Back to pre-Conciliar Catholicism. We can take no more of Freemasonic Ecumenical New Church Apostasy.
Mr. Chapp if you wrote articles that are clear, and concise instead of writing 1000 words try 500 and maybe
readers wouldn’t have to assume what you mean.
I think discussion about this Synod should consider one proposition very seriously. The stated aims of the Synod and the sincerity of most of its participants might be assumed to be in synch with charity. However, we must at the same time recognize that there are forces at work surrounding the movement of the Synod that are nefarious, evil and are attempting to hijack any good of the Synod and use it for its own purposes.
Let’s remember one thing: Satan exists. He’s a real being. One of his tactics is to convince us that he doesn’t exist. Another of his tactics is to convince us that personal sin is inconsequential. Another of his tactics is to take the benign, the good and pervert its goals in promoting what is evil.
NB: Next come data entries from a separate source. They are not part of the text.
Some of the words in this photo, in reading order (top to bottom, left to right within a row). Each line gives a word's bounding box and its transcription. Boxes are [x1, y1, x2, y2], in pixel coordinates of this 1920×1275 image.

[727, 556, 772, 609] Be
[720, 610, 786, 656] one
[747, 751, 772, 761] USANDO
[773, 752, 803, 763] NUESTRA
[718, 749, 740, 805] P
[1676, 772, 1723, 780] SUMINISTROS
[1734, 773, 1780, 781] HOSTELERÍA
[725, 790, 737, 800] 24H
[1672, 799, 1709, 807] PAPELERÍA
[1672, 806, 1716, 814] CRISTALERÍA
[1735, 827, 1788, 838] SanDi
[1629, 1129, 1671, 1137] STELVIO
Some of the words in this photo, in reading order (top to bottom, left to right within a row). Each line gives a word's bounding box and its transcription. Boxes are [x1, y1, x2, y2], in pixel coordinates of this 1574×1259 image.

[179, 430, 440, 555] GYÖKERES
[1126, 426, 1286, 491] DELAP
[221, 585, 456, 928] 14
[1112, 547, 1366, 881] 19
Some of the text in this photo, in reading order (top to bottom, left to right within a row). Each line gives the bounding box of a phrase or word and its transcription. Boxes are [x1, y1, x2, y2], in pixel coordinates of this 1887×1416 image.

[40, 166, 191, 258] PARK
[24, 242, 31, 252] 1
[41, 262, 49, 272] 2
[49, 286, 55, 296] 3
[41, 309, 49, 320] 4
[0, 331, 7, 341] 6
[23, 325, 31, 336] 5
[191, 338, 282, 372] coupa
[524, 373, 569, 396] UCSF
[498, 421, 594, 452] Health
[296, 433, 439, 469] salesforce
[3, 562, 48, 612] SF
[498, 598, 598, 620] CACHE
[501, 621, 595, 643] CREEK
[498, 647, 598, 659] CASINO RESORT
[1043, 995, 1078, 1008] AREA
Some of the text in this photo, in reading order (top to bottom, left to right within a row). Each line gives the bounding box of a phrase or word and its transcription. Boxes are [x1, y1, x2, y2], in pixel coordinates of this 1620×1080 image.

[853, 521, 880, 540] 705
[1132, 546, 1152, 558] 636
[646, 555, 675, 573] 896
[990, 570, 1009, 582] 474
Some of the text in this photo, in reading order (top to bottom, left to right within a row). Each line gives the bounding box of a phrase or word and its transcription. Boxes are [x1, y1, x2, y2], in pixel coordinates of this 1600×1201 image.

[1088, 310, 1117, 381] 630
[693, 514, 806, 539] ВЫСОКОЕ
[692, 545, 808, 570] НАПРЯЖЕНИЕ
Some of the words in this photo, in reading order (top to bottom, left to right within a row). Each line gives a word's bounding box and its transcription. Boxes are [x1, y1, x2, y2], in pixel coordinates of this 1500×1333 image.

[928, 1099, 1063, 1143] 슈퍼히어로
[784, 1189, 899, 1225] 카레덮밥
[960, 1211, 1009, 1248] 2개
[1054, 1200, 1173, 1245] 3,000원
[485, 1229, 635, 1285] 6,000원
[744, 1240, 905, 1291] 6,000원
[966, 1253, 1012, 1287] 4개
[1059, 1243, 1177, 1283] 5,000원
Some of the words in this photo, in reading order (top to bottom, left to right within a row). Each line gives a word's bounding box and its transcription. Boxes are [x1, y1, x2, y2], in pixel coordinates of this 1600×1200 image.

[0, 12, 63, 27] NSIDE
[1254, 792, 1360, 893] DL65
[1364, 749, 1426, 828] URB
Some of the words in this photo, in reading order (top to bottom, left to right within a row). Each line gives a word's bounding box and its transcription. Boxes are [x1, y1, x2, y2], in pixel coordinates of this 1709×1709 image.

Synodaling is not Catholic. Synodaling adds to the Body of Christ like a cancer. Synodaling was invented by this pontificate to spread heterodox concepts that justify heteropraxy. The theological treatment for this malady is to reference the writings of the last several saintly predecessors of the current pontificate. Synodaling not only flirts with the destruction of Sacred Tradition since Christ, it cannot even be reconciled with the teaching of the last several saintly Popes.
After the theological victory with the Council of Nicea, the Catholic Church nearly succumbed to Arianism. The enemies of the Catholic Faith won control from the Emperor to virtually everyone. And yet the Reason of Christ, the Word of God, outlasted them all.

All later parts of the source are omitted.